Michael Niebuhr, GF
Niebuhr StahlglastechnikDas Unternehmen in Gardelegen mit einem weiteren Standort in Magdeburg beschäftigt ca. 90 Mitarbeiter und setzt Aufträge im Metall-/Stahl- und Glasbau ausschließlich für die öffentliche Hand um. Die Auslastung der Kapazitäten reicht eineinhalb Jahre voraus, von einer Krise kann also noch nicht die Rede sein.
„Der aktuelle Überhang an Aufträgen ergibt sich auch durch die zahlreichen Bauverzögerungen während der Coronazeit sowie der Ukrainekrise. Im Vergleich zum Dezember 2022 sind die Auftragseingänge um ca. 20 Prozent gesunken. Setzt sich der Rücklauf im Jahr 2024 so fort bzw. steigert sich auf ca. 30 Prozent, dann haben wir sicher ein Problem und Entlassungen lassen sich nicht vermeiden.
Indes ist klar, wenn wir Metall- und Fassadenbauer 2024 Kapazitäten abbauen müssen, dann werden wir nicht zwei oder drei Jahre nach der Beendigung einer eventuellen Bau- oder Zinskrise einfach wieder welche aufbauen können. Wir haben jetzt schon genug Probleme, Fachkräfte zu rekrutieren. Die Jugend möchte nicht mehr auf der Baustelle arbeiten, Monteure und Mitarbeiter für die Produktion sind rar; kurzum, heute möchte sich keiner mehr bei der Arbeit dreckig machen. Zudem finden wir unter der jüngeren Generation nicht die Arbeitskräfte, die unsere Kollegen ersetzen könnten, die sich in den nächsten Jahren in die Rente verabschieden.

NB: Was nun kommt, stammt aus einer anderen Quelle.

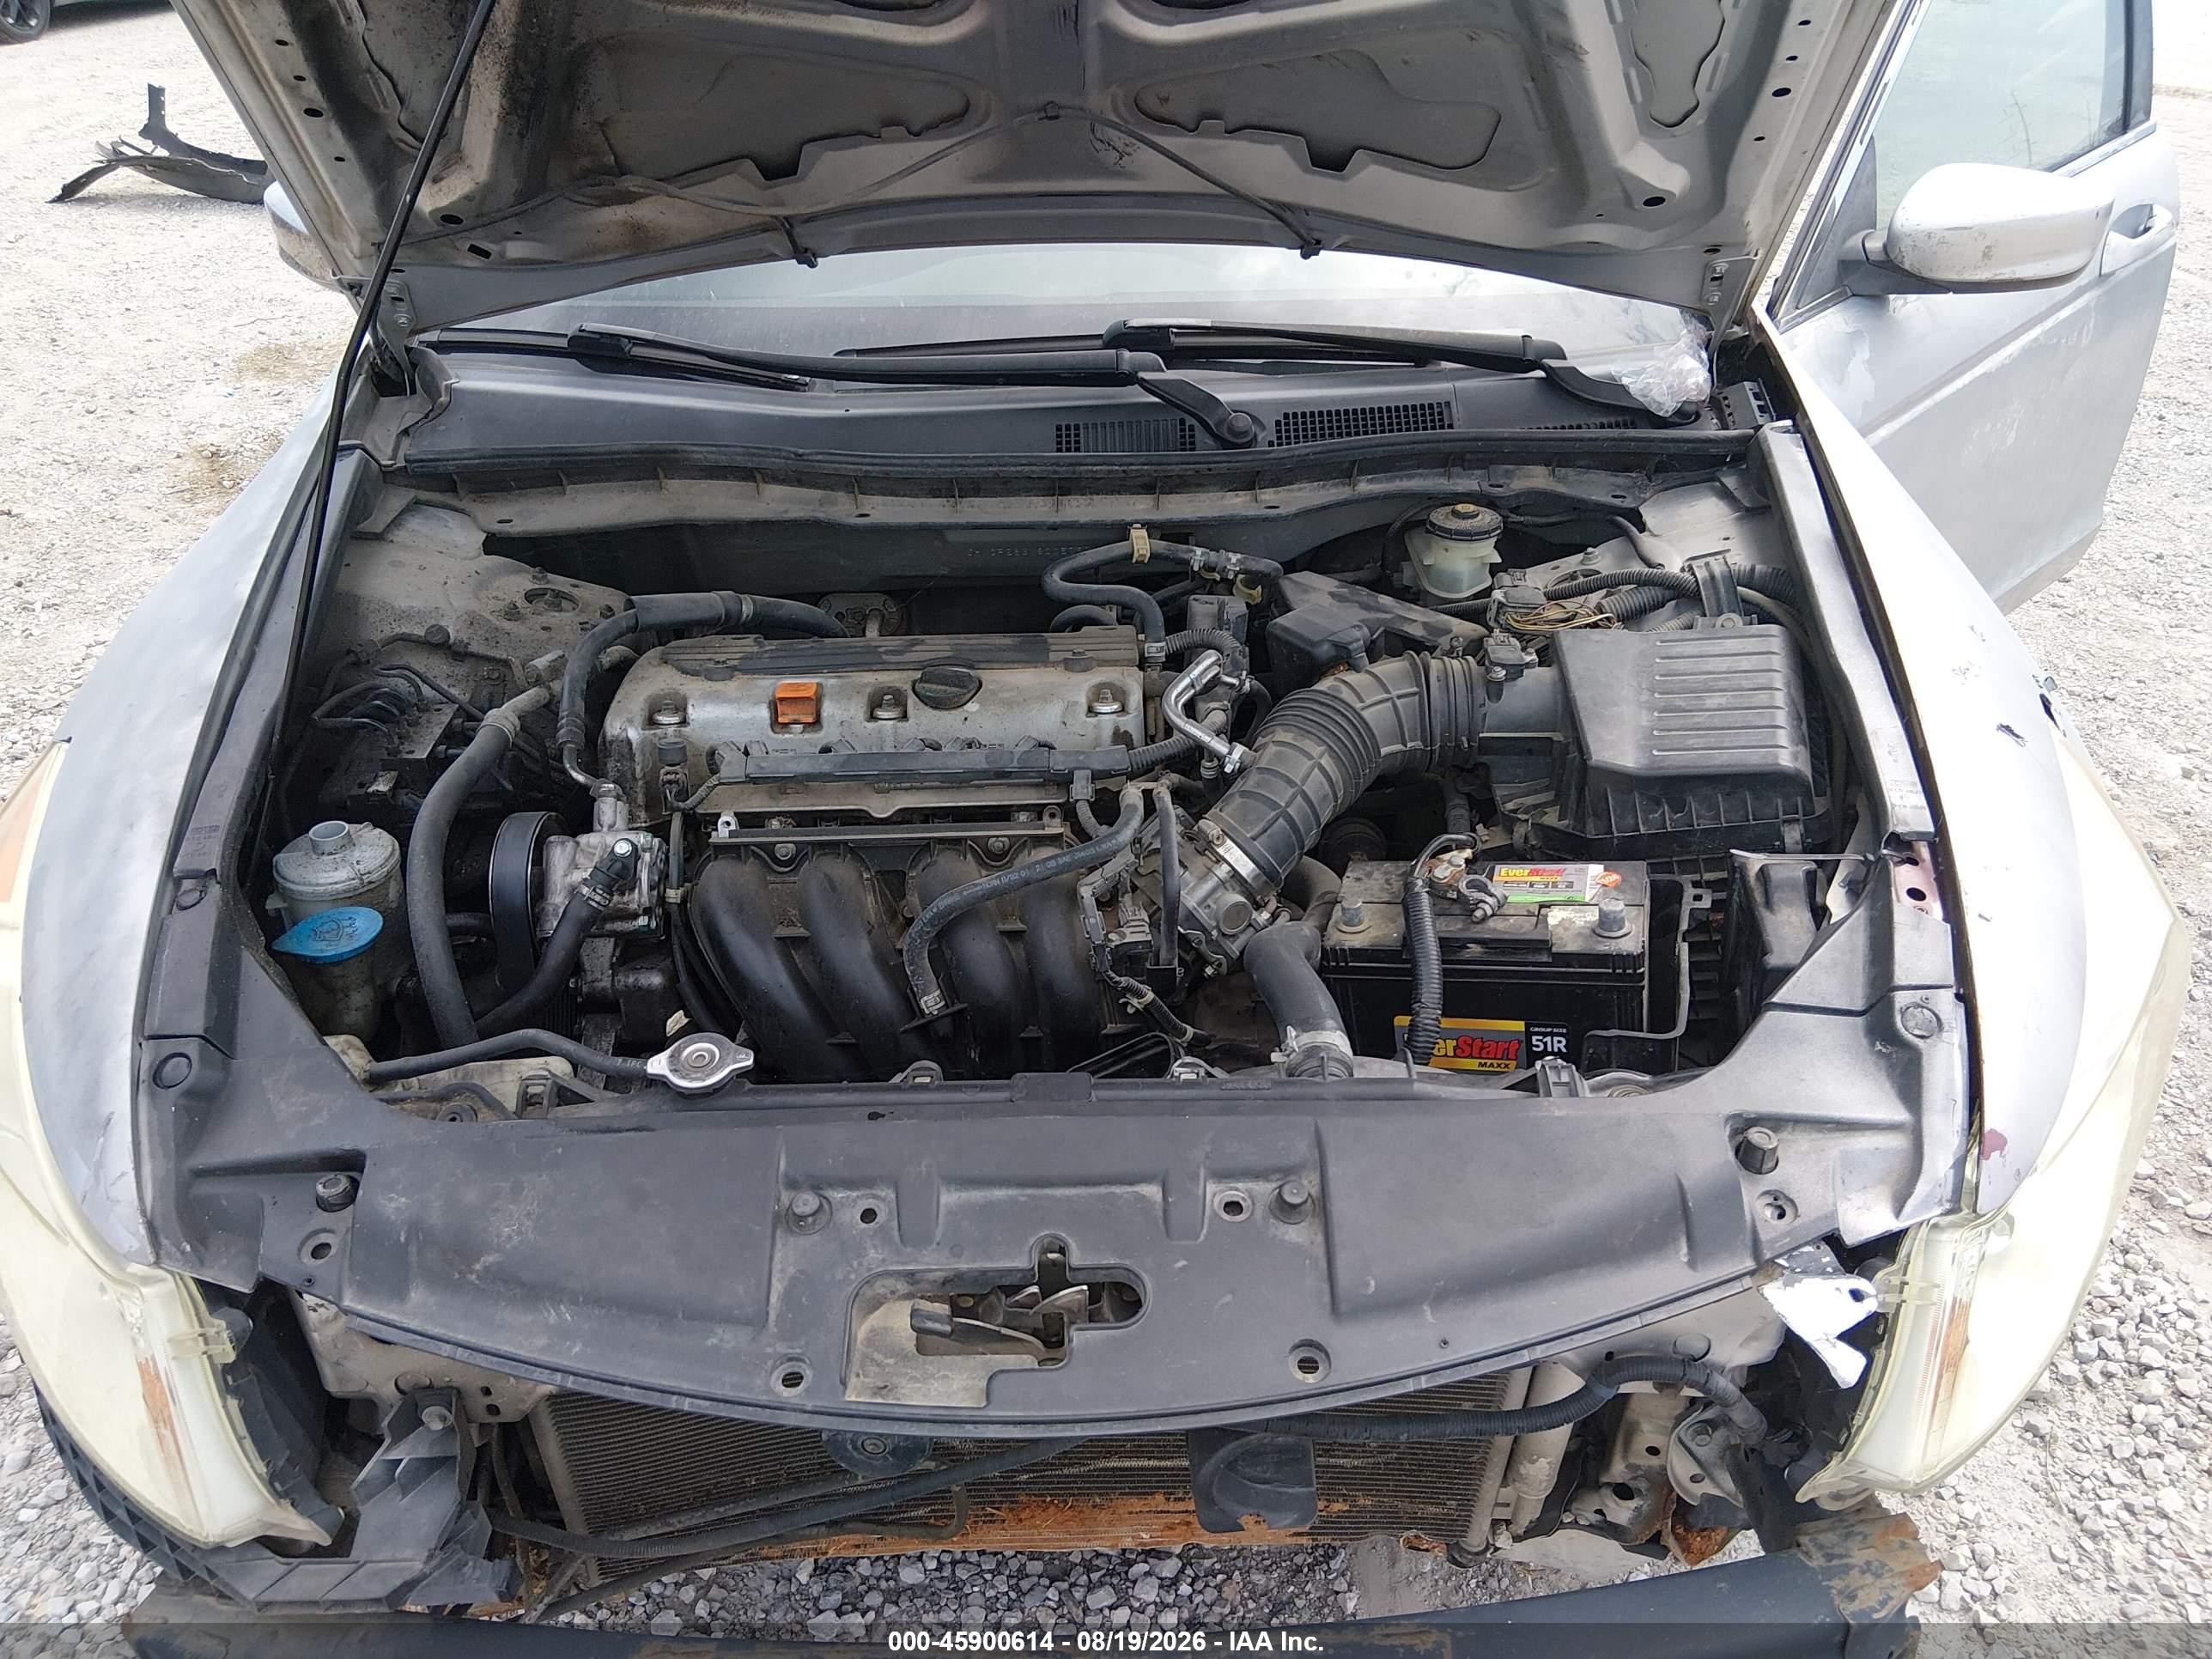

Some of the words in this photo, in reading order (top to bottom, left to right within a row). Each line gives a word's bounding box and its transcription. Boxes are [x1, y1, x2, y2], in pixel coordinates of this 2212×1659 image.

[1403, 1034, 1520, 1060] erStart
[1531, 1035, 1567, 1053] 51R
[1478, 1061, 1510, 1070] MAXX

Es ist selbsterklärend, dass die Löhne weiter steigen müssen, um die Mehrkosten abzufangen, die nahezu wöchentlich jeden privat treffen. Zudem kennen die Spezialisten und Fachkräfte ihren Marktwert, sodass auch die Lohnkosten die Baupreise weiter in die Höhe treiben. Damit rückt das Bauen für viele Menschen weiter in unerreichbare Ferne, selbst wenn die Zinslage sich beruhigt.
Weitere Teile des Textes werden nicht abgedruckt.